A Pathway to New Antibiotics

A conversation with Dr. Helen Boucher

Dr. Helen Boucher © The Pew Charitable Trusts

Dr. Boucher has urged support for the need to develop a limited-population antibacterial drug (LPAD) approval pathway at congressional briefings.

Dr. Helen Boucher directs the Infectious Diseases Fellowship Program and the Ventricular Assist Device and Cardiac Transplant Infectious Diseases Program at Tufts Medical Center (TMC), and is an associate professor at Tufts University School of Medicine. She is a voting member on the Presidential Advisory Council on Combating Antibiotic-Resistant Bacteria and has spoken at length about the threat of antibiotic resistance to modern medicine. Dr. Boucher is also a member of the board of directors of the Infectious Diseases Society of America.

Dr. Boucher has urged support for the need to develop a limited-population antibacterial drug (LPAD) approval pathway at congressional briefings. LPAD would enable the approval of new antibiotics that target serious or life-threatening drug-resistant infections in patients who have few or no suitable treatment options.

Q: Why do you support the LPAD approval pathway?

A: LPAD offers a chance to get patients the medicines they need now. I support anything that is safe and effective to help expedite the path forward for new treatment options. LPAD is one of many steps in the right direction, but certainly an important one.

Q: What do you say to critics who say LPAD would lower or compromise patient safety standards?
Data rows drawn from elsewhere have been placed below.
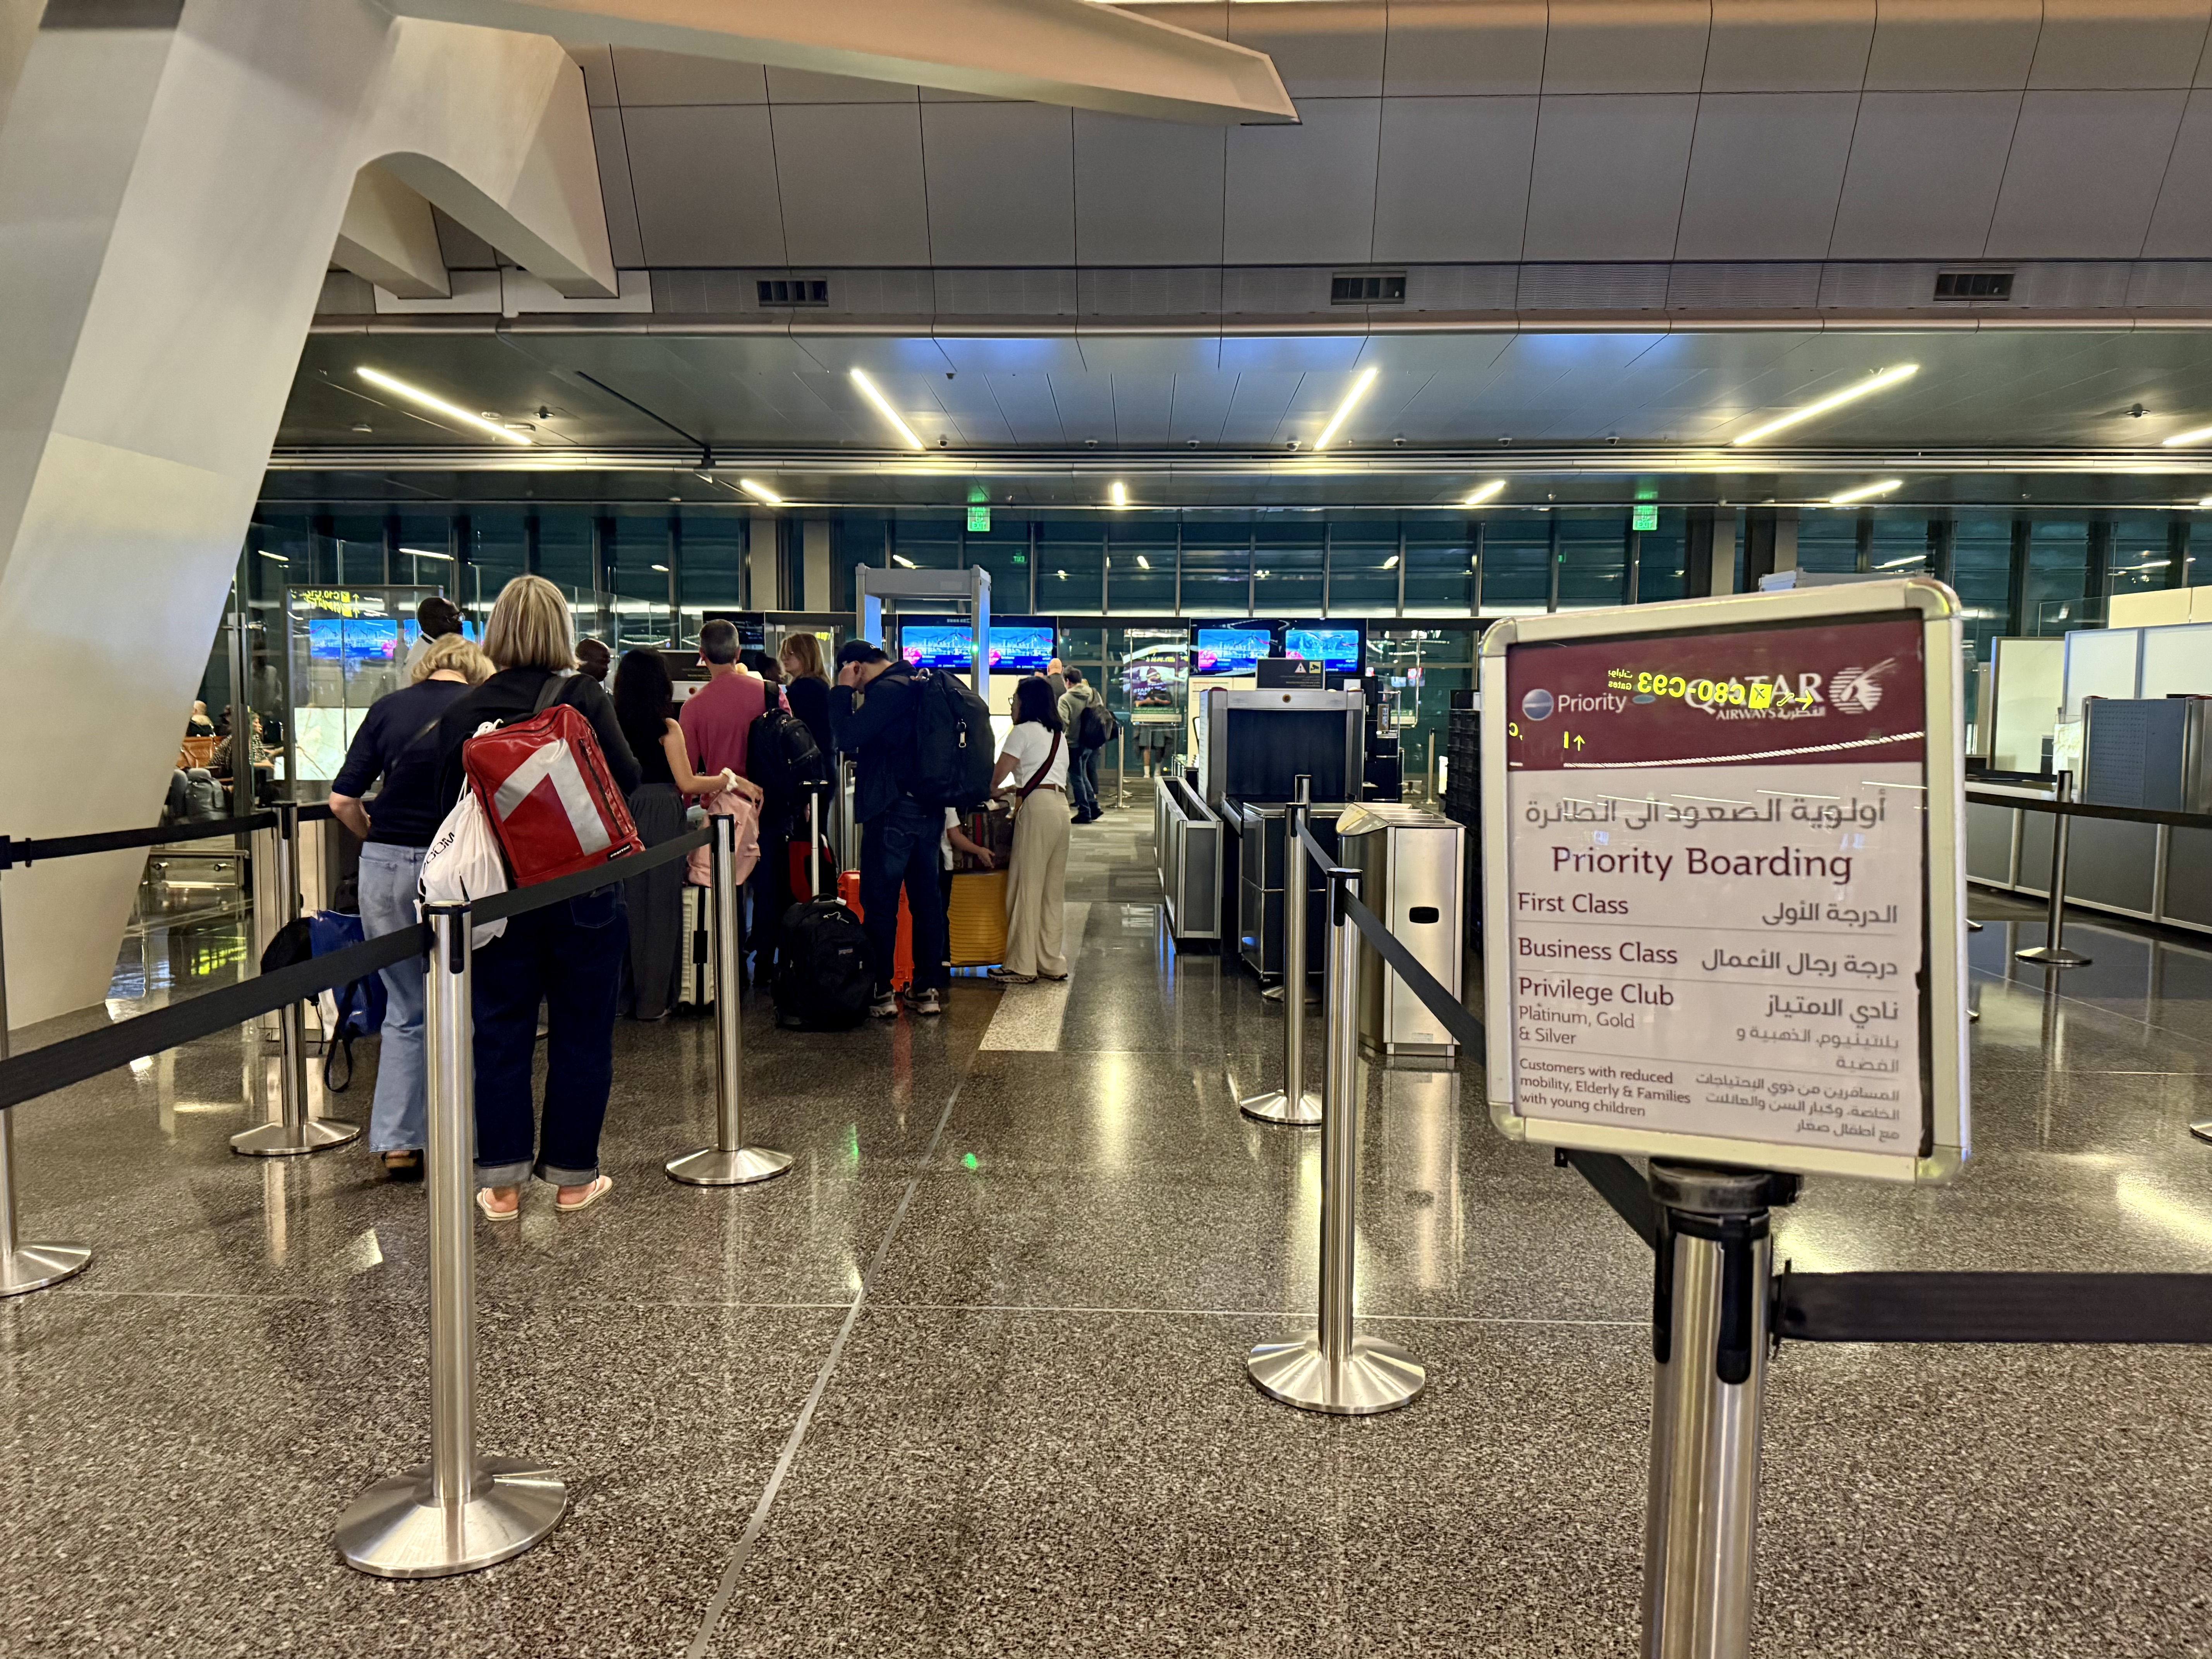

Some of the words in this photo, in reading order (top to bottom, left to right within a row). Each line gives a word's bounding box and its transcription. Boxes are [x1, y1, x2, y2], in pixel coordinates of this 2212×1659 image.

[1558, 692, 1627, 713] Priority
[1716, 708, 1776, 720] AIRWAYS
[1526, 800, 1616, 829] الطائرة
[1668, 798, 1781, 828] الصعود
[1791, 788, 1886, 829] أولوية
[1551, 847, 1673, 881] Priority
[1686, 847, 1853, 885] Boarding
[1518, 892, 1565, 912] First
[1572, 893, 1629, 914] Class
[1762, 900, 1820, 926] الأولى
[1826, 903, 1897, 927] الدرجة
[1518, 938, 1612, 960] Business
[1620, 942, 1678, 964] Class
[1702, 948, 1780, 971] الأعمال
[1787, 953, 1836, 977] رجال
[1844, 955, 1897, 979] درجة
[1519, 977, 1613, 1006] Privilege
[1621, 984, 1674, 1006] Club
[1519, 1005, 1592, 1027] Platinum,
[1597, 1012, 1635, 1028] Gold
[1766, 994, 1843, 1018] الامتياز
[1850, 1001, 1898, 1029] نادي
[1519, 1027, 1530, 1041] &
[1535, 1028, 1576, 1044] Silver
[1737, 1028, 1745, 1041] و
[1750, 1026, 1810, 1042] الذهبية
[1520, 1058, 1585, 1075] Customers
[1589, 1066, 1615, 1079] with
[1620, 1069, 1673, 1084] reduced
[1836, 1056, 1898, 1072] الفضية
[1520, 1076, 1572, 1092] mobility,
[1576, 1080, 1619, 1097] Elderly
[1623, 1085, 1632, 1097] &
[1637, 1087, 1691, 1103] Families
[1798, 1085, 1820, 1096] من
[1824, 1087, 1899, 1101] المسافرين
[1520, 1093, 1547, 1105] with
[1551, 1097, 1590, 1113] young
[1594, 1100, 1645, 1116] children
[1769, 1100, 1805, 1111] السن
[1809, 1101, 1843, 1118] وكبار
[1796, 1118, 1830, 1132] صغار
[1879, 1130, 1899, 1142] مع
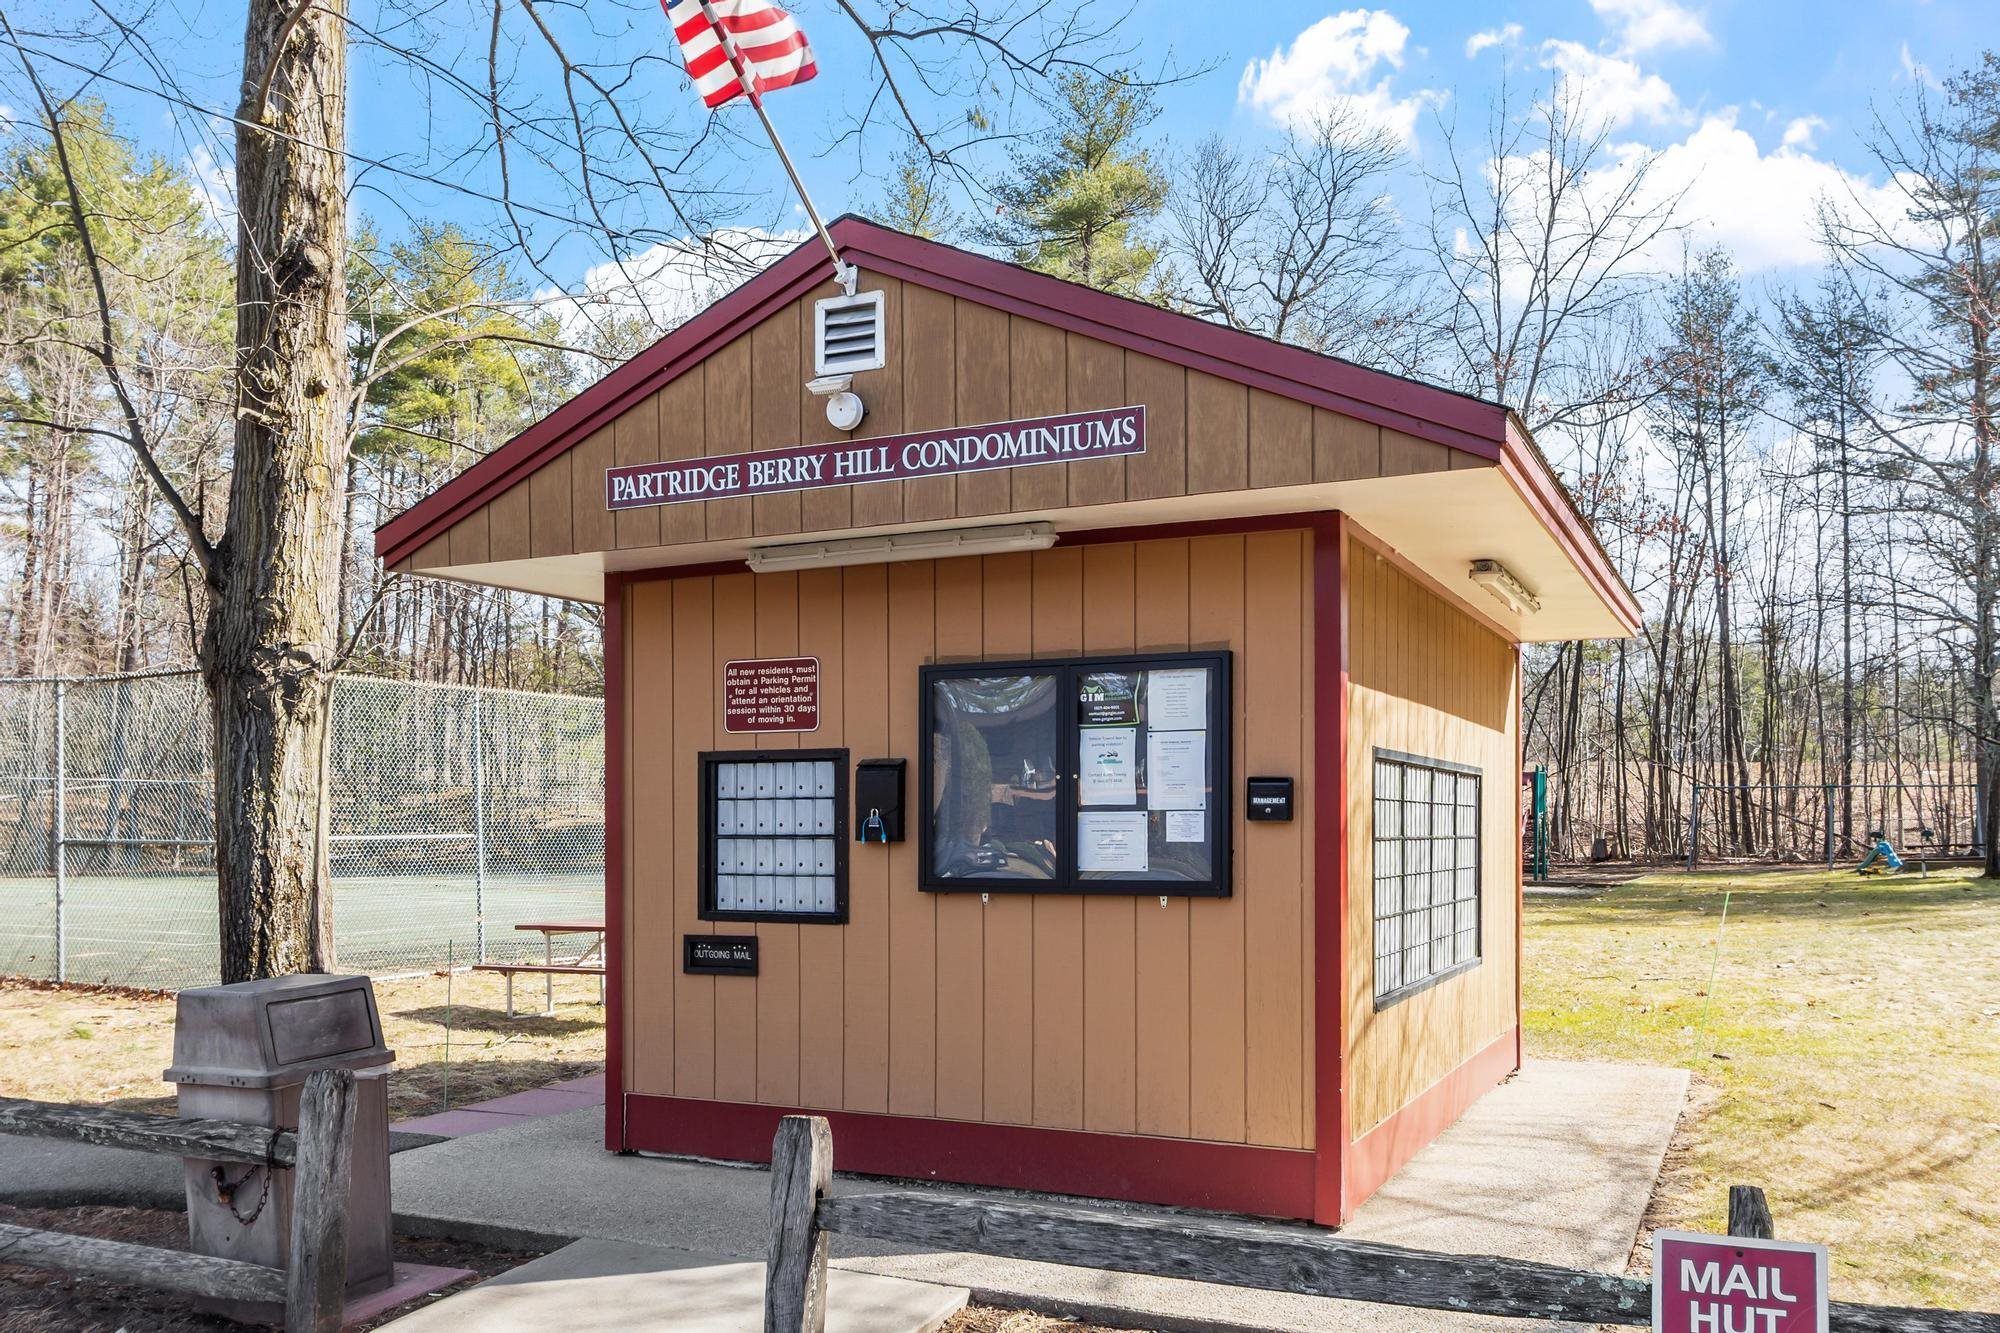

A: LPAD does not change the standard for safety or efficacy of drug approvals. LPAD simply allows for smaller clinical development programs that are focused on the limited, high-risk populations that would use the new antibiotics. With approval of these types of drugs comes the need to use them well. Additionally, antibiotic monitoring and stewardship are important components of LPAD. They would make sure these drugs are used in the way they are intended.

Q: What difference would LPAD make in your practice? What would be the real-world implications of an LPAD pathway?

A: I would likely have something to offer patients whom I currently have to send to hospice care, or tell I’ve run out of options. LPAD would allow for development of a broad array of antibiotics, including oral drugs (this is significant since IVs sometimes carry risk of health care-acquired infections).

Q: Do you have any closing thoughts with respect to LPAD?

A: There are several steps necessary to fight antibiotic resistance. New therapeutics are a key part of the solution. What we need is a way forward that is sustainable for future generations, but it won’t be a quick fix. We need to find a way to foster a robust drug development pipeline.